======== Provided records
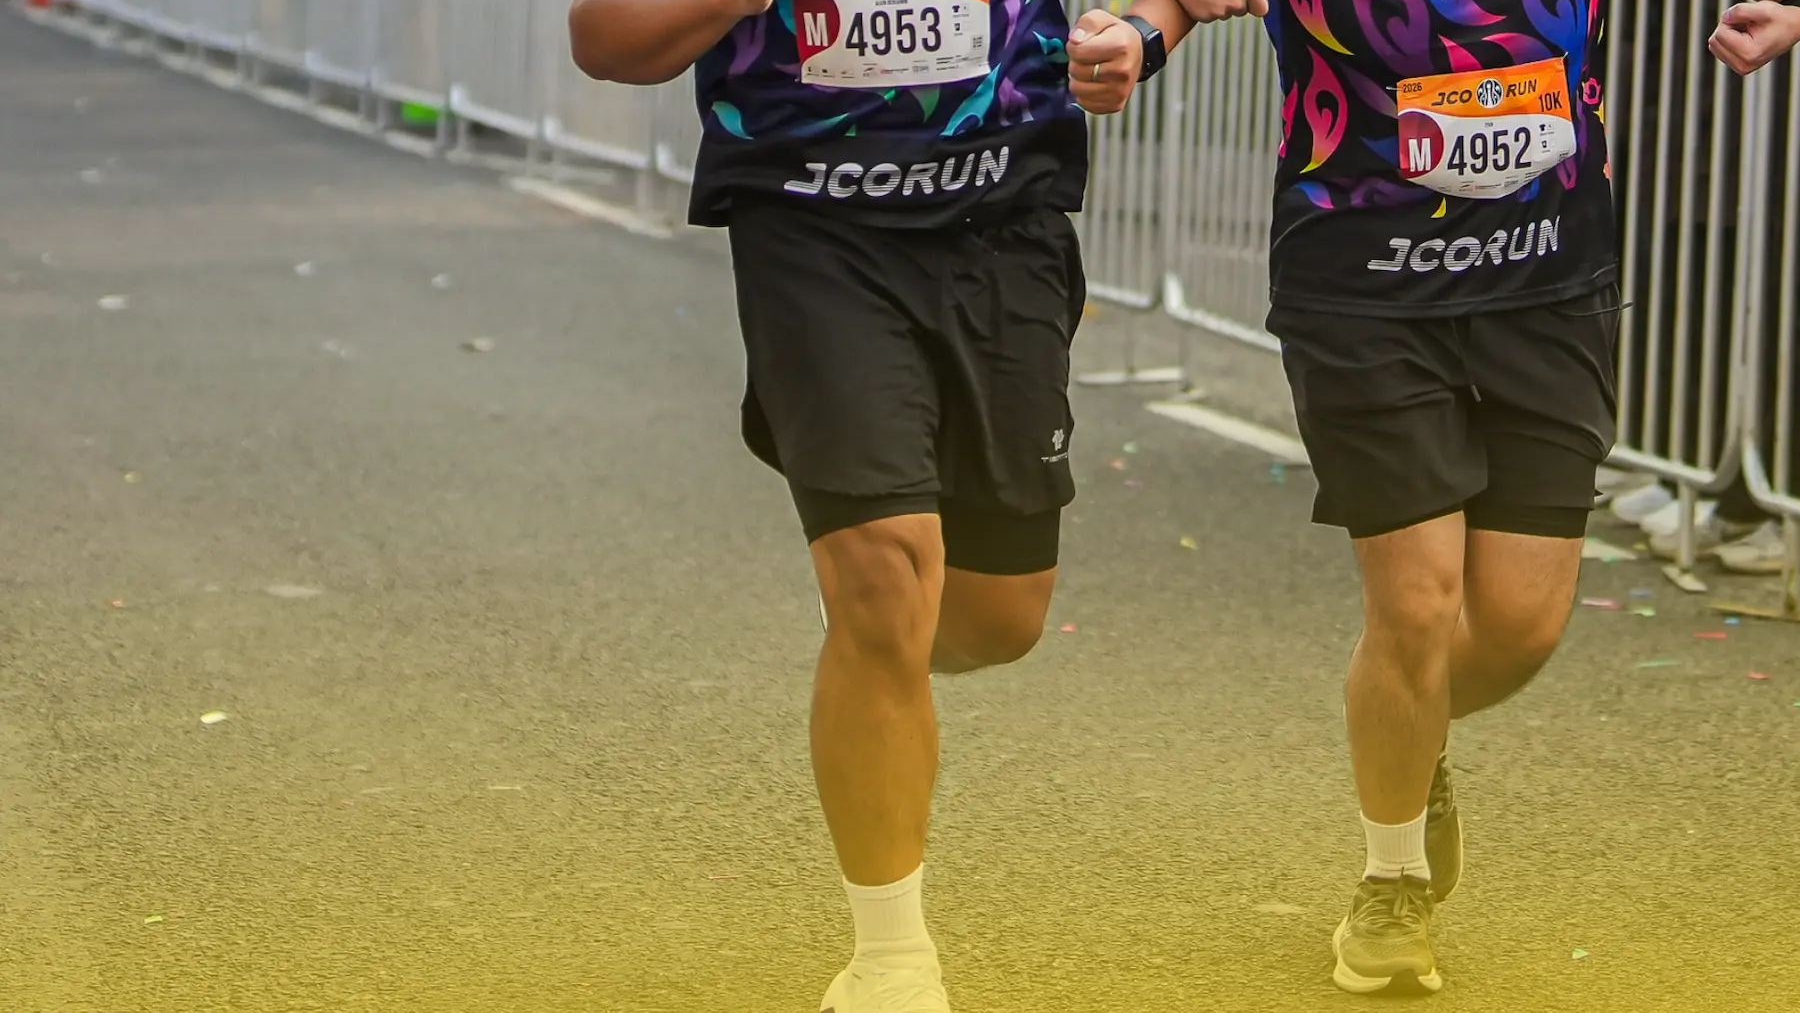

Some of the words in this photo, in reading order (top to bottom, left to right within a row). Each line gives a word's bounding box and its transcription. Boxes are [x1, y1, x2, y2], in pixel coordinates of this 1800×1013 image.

[803, 11, 829, 47] M
[845, 6, 942, 57] 4953
[1431, 89, 1473, 106] JCO
[1506, 79, 1537, 98] RUN
[1538, 91, 1563, 113] 10K
[783, 146, 1010, 199] JCORUN
[1408, 137, 1432, 173] M
[1447, 126, 1532, 176] 4952
[1367, 215, 1561, 273] JCORUN
================
| What you have to do |
Each entry above has to be set down again verbatim, except for its pictures.

| Result of the task |
Some of the words in this photo, in reading order (top to bottom, left to right within a row). Each line gives a word's bounding box and its transcription. Boxes are [x1, y1, x2, y2], in pixel coordinates of this 1800×1013 image.

[803, 11, 829, 47] M
[845, 6, 942, 57] 4953
[1431, 89, 1473, 106] JCO
[1506, 79, 1537, 98] RUN
[1538, 91, 1563, 113] 10K
[783, 146, 1010, 199] JCORUN
[1408, 137, 1432, 173] M
[1447, 126, 1532, 176] 4952
[1367, 215, 1561, 273] JCORUN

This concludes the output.